En ce moment

    12/04/2010

    Art contemporain : « L'exposition faite main » à la Maison Populaire de Montreuil

    Par Camille

    De retour à la Maison Populaire pour le second volet du programme de Florence Ostende : une exposition faite entièrement à la main ! Quatre personnalités réunies autour de ce thème problématisent le rapport de l'artiste à son propre travail.


    Created with Admarket’s flickrSLiDR.


    Le premier des 3 volets, de Florence Ostende, sur la question du travail “Les compétences invisibles” à voir ICI

    Bric-à-brac

    En ce moment, au centre d’art de la Maison Populaire de Montreuil, on peut voir un artiste traire une vache, une autre crayonner sur les murs ; le soir du vernissage, un troisième traversait l’espace sur un véhicule de fortune ; quant au quatrième, il en est arrivé à scier en deux une de ses précédentes créations pour les besoins de l’exposition.

    L’artiste et son outil

    De quoi s’agit-il ? Florence Ostende, la commissaire, a choisi, pour cette deuxième exposition sur le thème du travail, de présenter les recherches d’artistes autour de la question de l’outil. L’outil, c’est cet accessoire qui prolonge la main, qui aide le geste de produire. Comment les artistes se procurent-ils ces outils ? Quel rapport entretiennent-ils avec ces objets, qui ne représentent pas des fins en soi, et ne sont pas exposés, mais contribuent essentiellement à la forme que prennent leurs créations ? Le travail de l’artiste (par le biais de l’outil) et le résultat (l’œuvre) sont mis en regard, et se mesurent à l’aune l’un de l’autre. Dans un contexte où les attitudes, plus que jamais, deviennent formes ( On pense à l’exposition-culte « Quand les attitudes deviennent formes » de Harald Szeemann, en 1969, présentait en lieu et place d’œuvres, les actions, perfomances et gestes des artistes ou leurs traces, dans l’espace d’exposition), comme beaucoup d’artistes actuels, les quatre de la « Maison Pop » problématisent dans leur travail le processus de création qui mène au résultat final.
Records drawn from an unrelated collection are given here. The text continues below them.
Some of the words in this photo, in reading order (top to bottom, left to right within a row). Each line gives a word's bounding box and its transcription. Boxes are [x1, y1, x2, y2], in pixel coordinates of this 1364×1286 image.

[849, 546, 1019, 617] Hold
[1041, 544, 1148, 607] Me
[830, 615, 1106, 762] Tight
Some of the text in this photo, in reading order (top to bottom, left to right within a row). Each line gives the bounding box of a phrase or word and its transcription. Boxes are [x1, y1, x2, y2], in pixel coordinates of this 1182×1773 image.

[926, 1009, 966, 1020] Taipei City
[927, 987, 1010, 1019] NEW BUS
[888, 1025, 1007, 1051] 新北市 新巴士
    La production de Marie Reinert pour cette exposition est une réfléxion sur le geste simple de tracer un trait. Elle recycle un travelling rudimentaire qu’elle avait construit pour un autre contexte, et le force, par un mécanisme télécommandé, à tracer un trait de graphite sur le mur blanc du centre d’art. Détournée de sa première utilité, condamnée à faire des allers-retours sur son rail de fortune, la machine produit un dessin évolutif qui cale le geste artistique de dessiner sur un phénomène environnemental : grâce à un capteur, la machine réagit aux allées et venues des gens dans l’espace d’exposition. Une sorte de relevé sismographique du lieu, donc, un peu dérisoire ; et une injonction absurde à l’outil, qui doit remplacer la main de l’artiste, même s’il doit y perdre sa propre raison d’être.
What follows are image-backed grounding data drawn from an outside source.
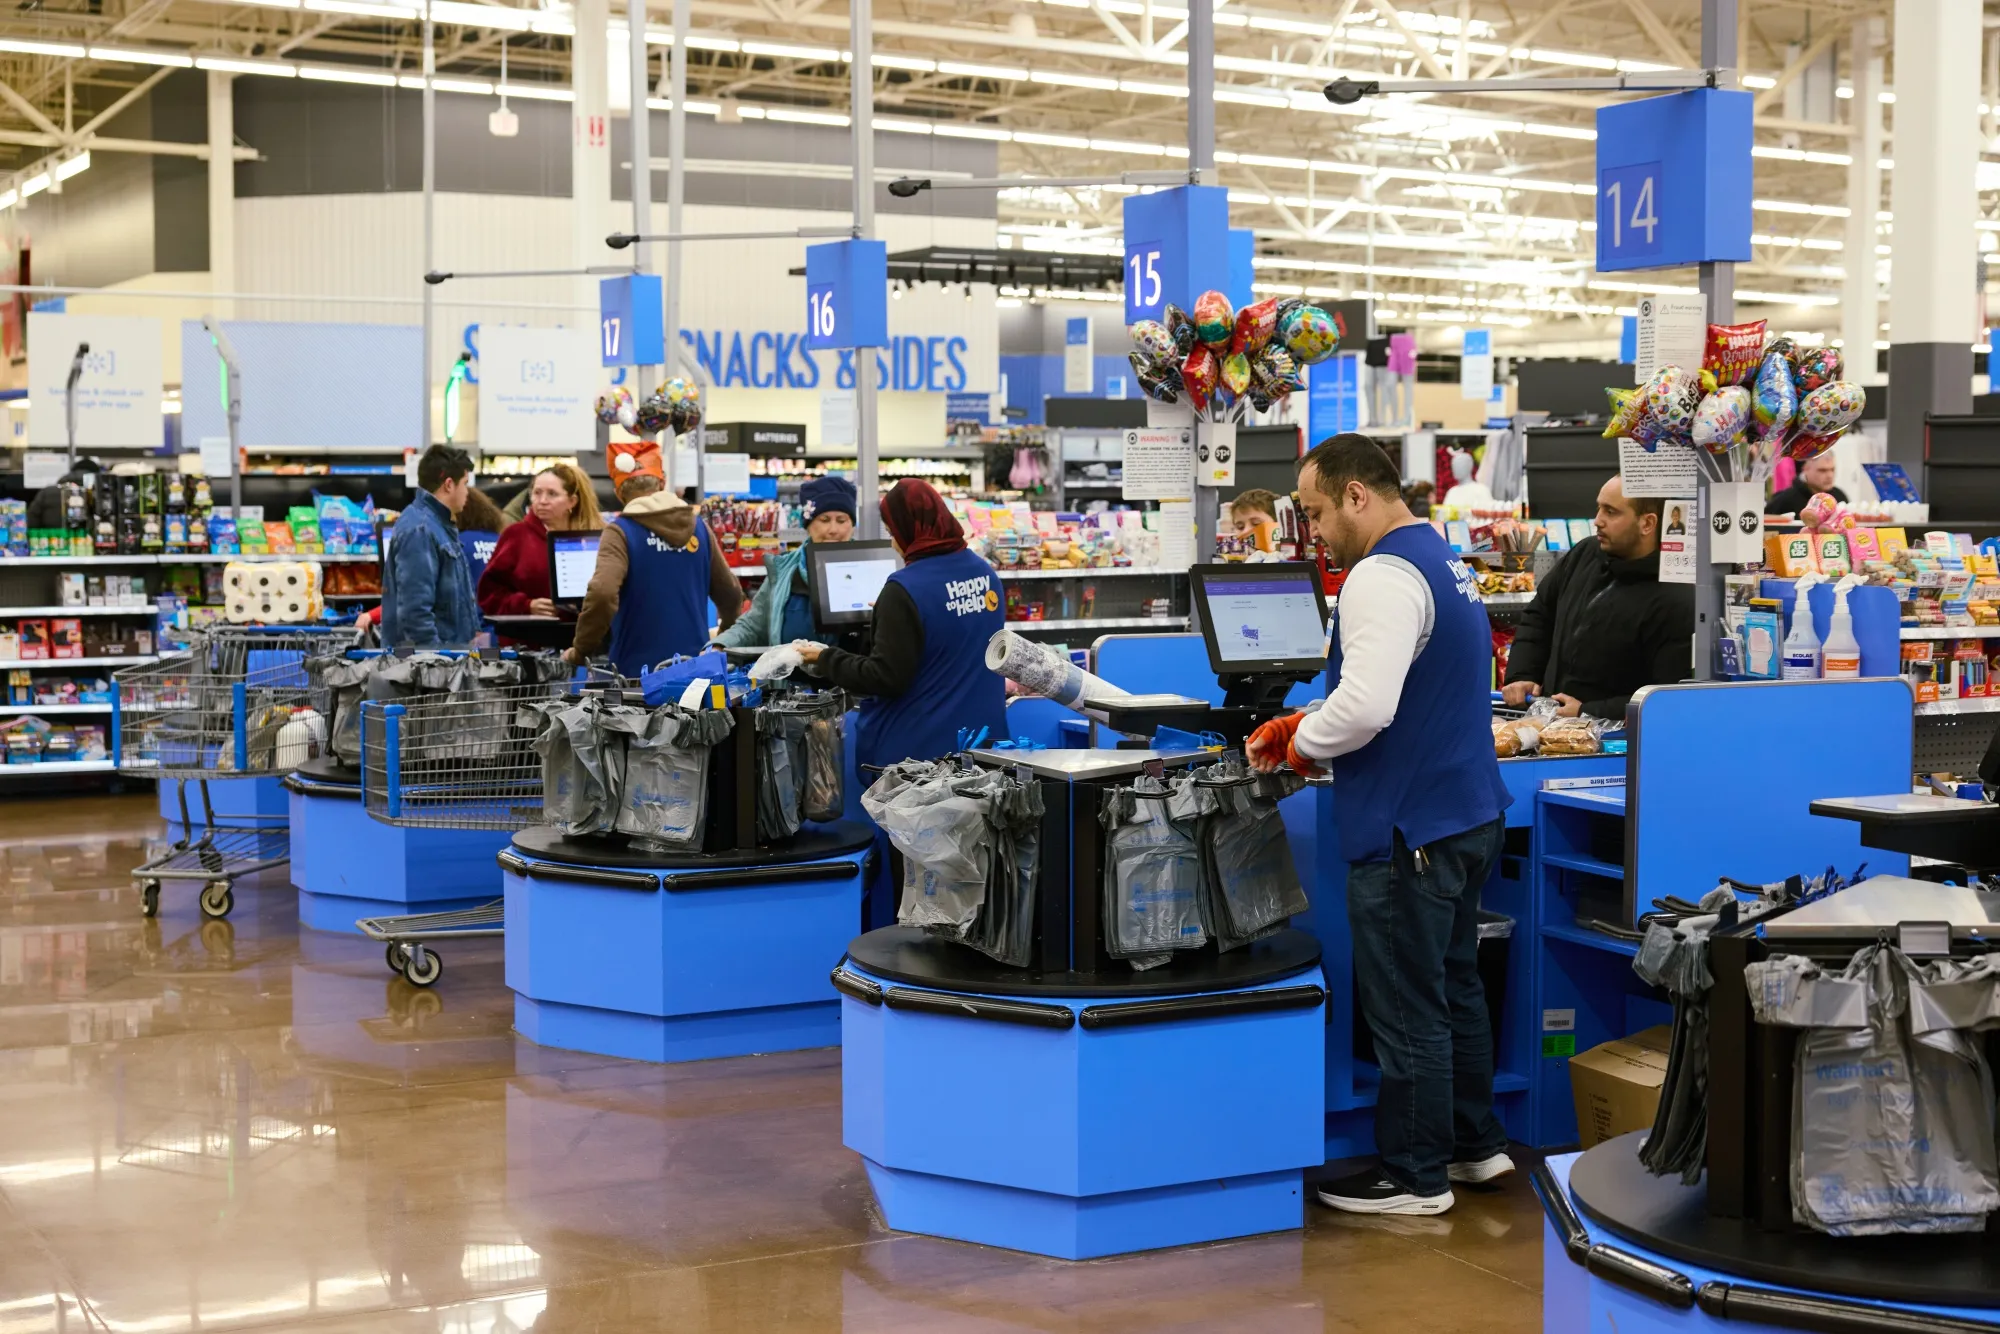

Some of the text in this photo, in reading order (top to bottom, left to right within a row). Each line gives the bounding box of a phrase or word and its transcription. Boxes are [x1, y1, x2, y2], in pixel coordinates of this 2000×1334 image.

[1606, 177, 1659, 248] 14
[1130, 251, 1162, 307] 15
[810, 291, 835, 337] 16
[603, 318, 620, 356] 17
[1727, 333, 1762, 350] HAPPY
[1140, 435, 1170, 443] WARNING
[1791, 549, 1807, 557] tac
[1793, 541, 1807, 550] tic
[1824, 549, 1840, 557] tac
[1826, 541, 1840, 550] tic
[945, 575, 989, 600] Happy
[945, 593, 986, 616] to Help
[1816, 1061, 1895, 1080] Walmart
    La production de Marie Reinert est une réfléxion sur le geste simple de tracer un trait

    De l’art fait par des artistes

    Non sans humour, l’exposition met ainsi le doigt sur un des malaises de l’art contemporain, à savoir l’éloignement (physique) grandissant des artistes d’avec leurs œuvres. Certains multiplient les assistants et sous-traitent la plus grande partie de leur travail. Le monde de l’art d’aujourd’hui voit s’ouvrir des ateliers-SARL et des entreprises de production d’art contemporain. C’est aussi cette critique qui est contenue dans le thème de l’exposition, une critique des artistes qui se servent d’outils trop élaborés pour eux ou des autres comme d’outils. Ici, on cherche comme on peut d’autres solutions. On se place dans une économie différente : faire avec ce qu’on a, ce qu’on trouve, ce qu’on sait faire ou ce qu’on peut apprendre à faire.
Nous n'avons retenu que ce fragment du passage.